◆ TASK PROMPT: Pictures must not be copied, but every entry must be reproduced exactly.

Segment Start: INPUT DATA

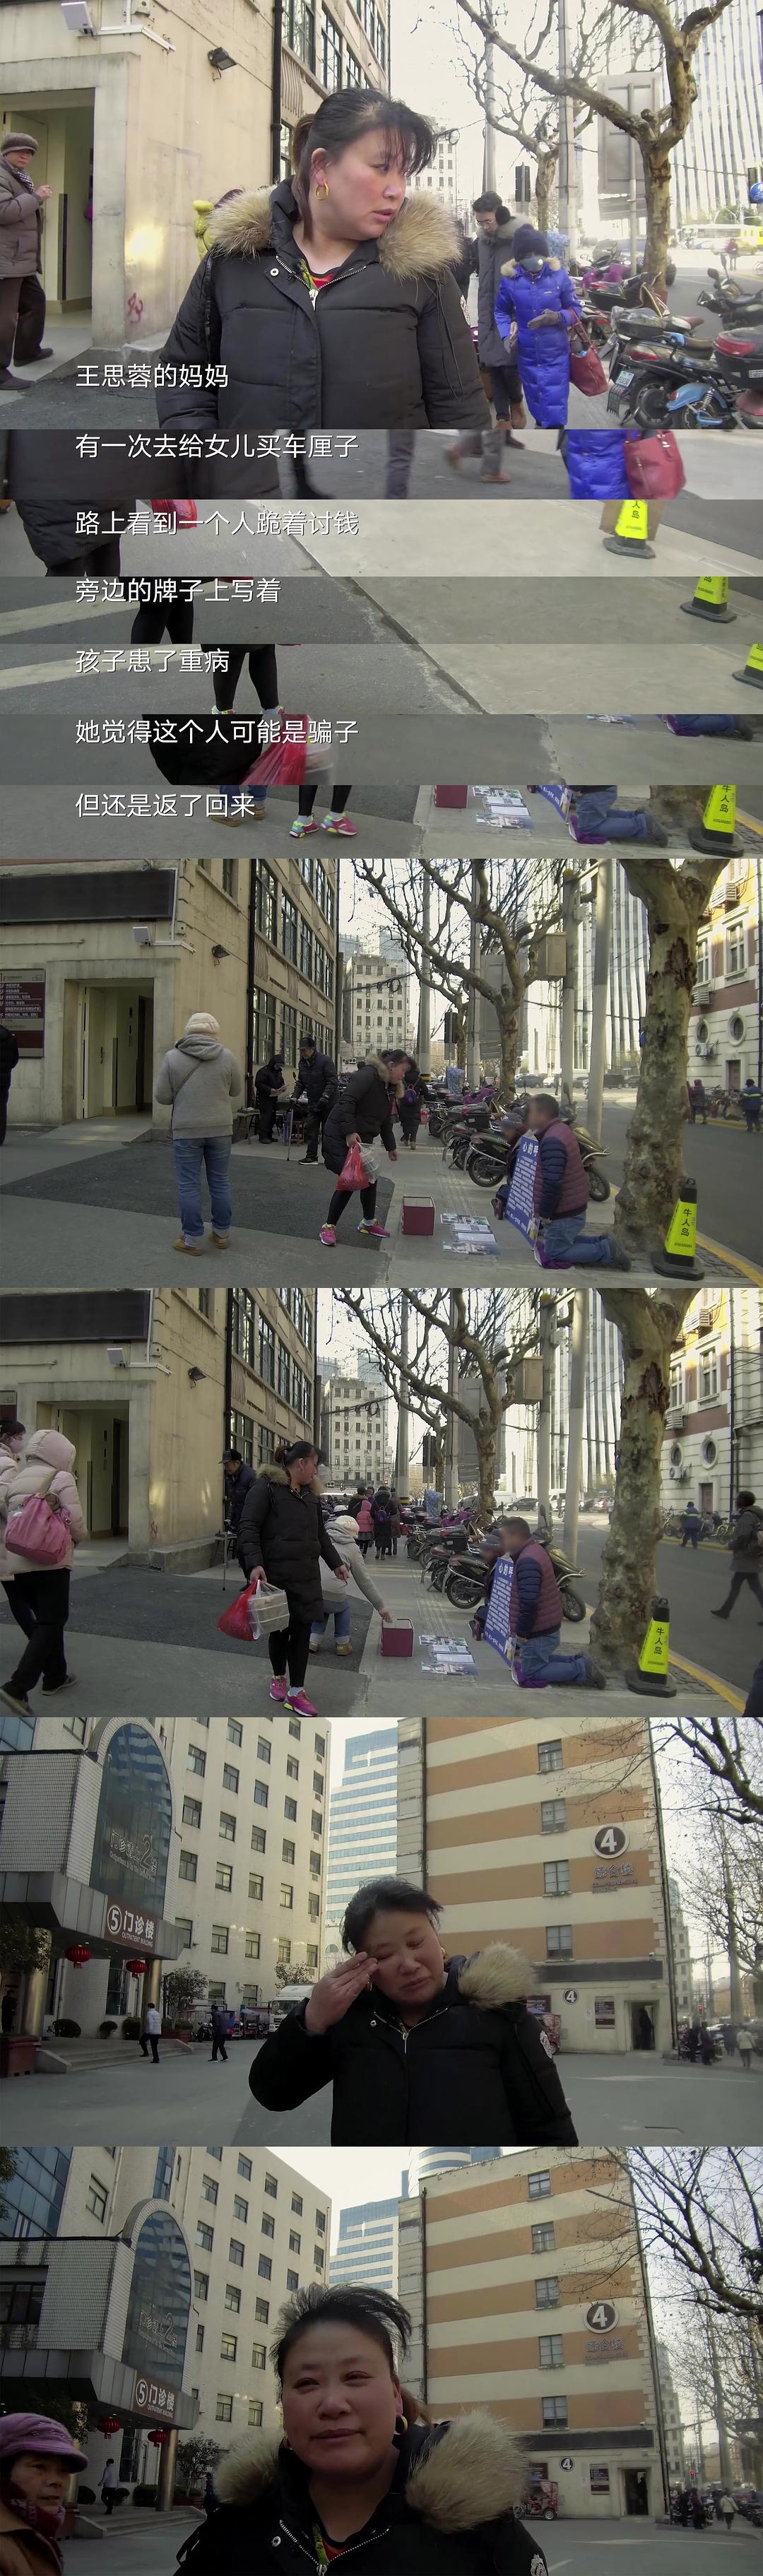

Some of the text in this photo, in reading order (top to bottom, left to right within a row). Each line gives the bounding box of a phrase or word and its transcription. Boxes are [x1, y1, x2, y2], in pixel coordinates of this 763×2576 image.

[680, 1208, 693, 1236] 牛人岛
[654, 1627, 665, 1655] 牛人岛
[123, 1910, 155, 1940] 门诊楼
[148, 2383, 175, 2411] 门诊楼
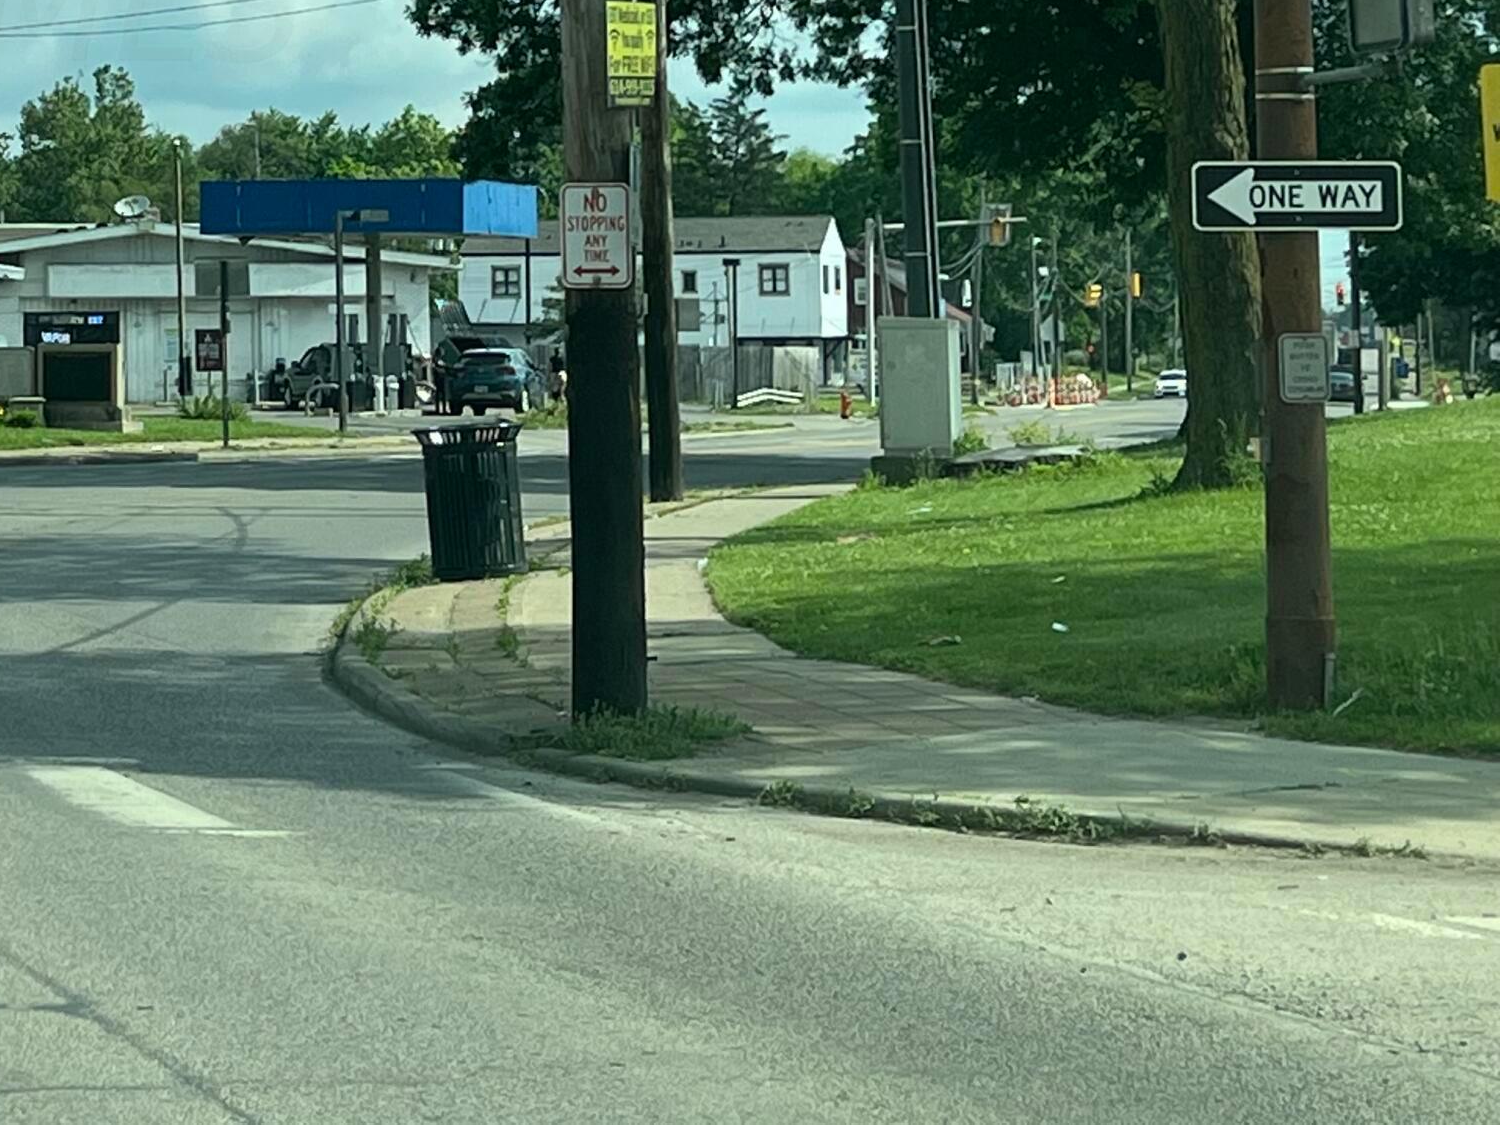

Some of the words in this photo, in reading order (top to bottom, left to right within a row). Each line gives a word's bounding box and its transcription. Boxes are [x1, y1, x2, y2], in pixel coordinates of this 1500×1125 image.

[584, 193, 607, 212] NO
[1249, 184, 1304, 209] ONE
[1318, 184, 1377, 209] WAY
[567, 215, 625, 232] STOPPING
[584, 234, 608, 248] ANY
[584, 249, 610, 263] TIME

Segment End: INPUT DATA

◆ ANSWER TO THIS EXERCISE:
Some of the text in this photo, in reading order (top to bottom, left to right within a row). Each line gives the bounding box of a phrase or word and its transcription. Boxes are [x1, y1, x2, y2], in pixel coordinates of this 763×2576 image.

[680, 1208, 693, 1236] 牛人岛
[654, 1627, 665, 1655] 牛人岛
[123, 1910, 155, 1940] 门诊楼
[148, 2383, 175, 2411] 门诊楼

Some of the words in this photo, in reading order (top to bottom, left to right within a row). Each line gives a word's bounding box and its transcription. Boxes are [x1, y1, x2, y2], in pixel coordinates of this 1500×1125 image.

[584, 193, 607, 212] NO
[1249, 184, 1304, 209] ONE
[1318, 184, 1377, 209] WAY
[567, 215, 625, 232] STOPPING
[584, 234, 608, 248] ANY
[584, 249, 610, 263] TIME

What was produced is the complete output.